# ASSIGNED TASK
Look below for the line containing "Some of the words"; from there through the line containing "this 1560×1040 image.", both lines included, please set down each line exactly and nothing else.

**** RECORDS FOR THE EXERCISE

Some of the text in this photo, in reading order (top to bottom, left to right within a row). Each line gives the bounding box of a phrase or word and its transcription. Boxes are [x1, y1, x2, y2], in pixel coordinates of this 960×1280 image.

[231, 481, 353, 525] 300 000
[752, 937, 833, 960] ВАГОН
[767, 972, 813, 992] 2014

********
**** RECORDS FOR THE EXERCISE

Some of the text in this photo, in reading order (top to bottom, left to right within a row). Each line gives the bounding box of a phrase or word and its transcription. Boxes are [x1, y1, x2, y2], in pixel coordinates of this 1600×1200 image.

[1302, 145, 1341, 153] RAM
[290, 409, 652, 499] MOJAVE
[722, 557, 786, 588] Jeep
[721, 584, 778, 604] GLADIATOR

********
**** RECORDS FOR THE EXERCISE

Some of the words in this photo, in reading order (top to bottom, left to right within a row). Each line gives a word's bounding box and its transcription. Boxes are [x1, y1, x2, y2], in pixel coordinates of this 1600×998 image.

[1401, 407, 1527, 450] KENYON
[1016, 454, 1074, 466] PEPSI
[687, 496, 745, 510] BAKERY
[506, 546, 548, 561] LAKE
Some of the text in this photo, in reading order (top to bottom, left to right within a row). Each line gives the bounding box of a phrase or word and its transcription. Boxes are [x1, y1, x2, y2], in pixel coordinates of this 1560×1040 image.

********

# TASK SOLUTION
Some of the words in this photo, in reading order (top to bottom, left to right within a row). Each line gives a word's bounding box and its transcription. Boxes are [x1, y1, x2, y2], in pixel coordinates of this 1600×998 image.

[1401, 407, 1527, 450] KENYON
[1016, 454, 1074, 466] PEPSI
[687, 496, 745, 510] BAKERY
[506, 546, 548, 561] LAKE
Some of the text in this photo, in reading order (top to bottom, left to right within a row). Each line gives the bounding box of a phrase or word and its transcription. Boxes are [x1, y1, x2, y2], in pixel coordinates of this 1560×1040 image.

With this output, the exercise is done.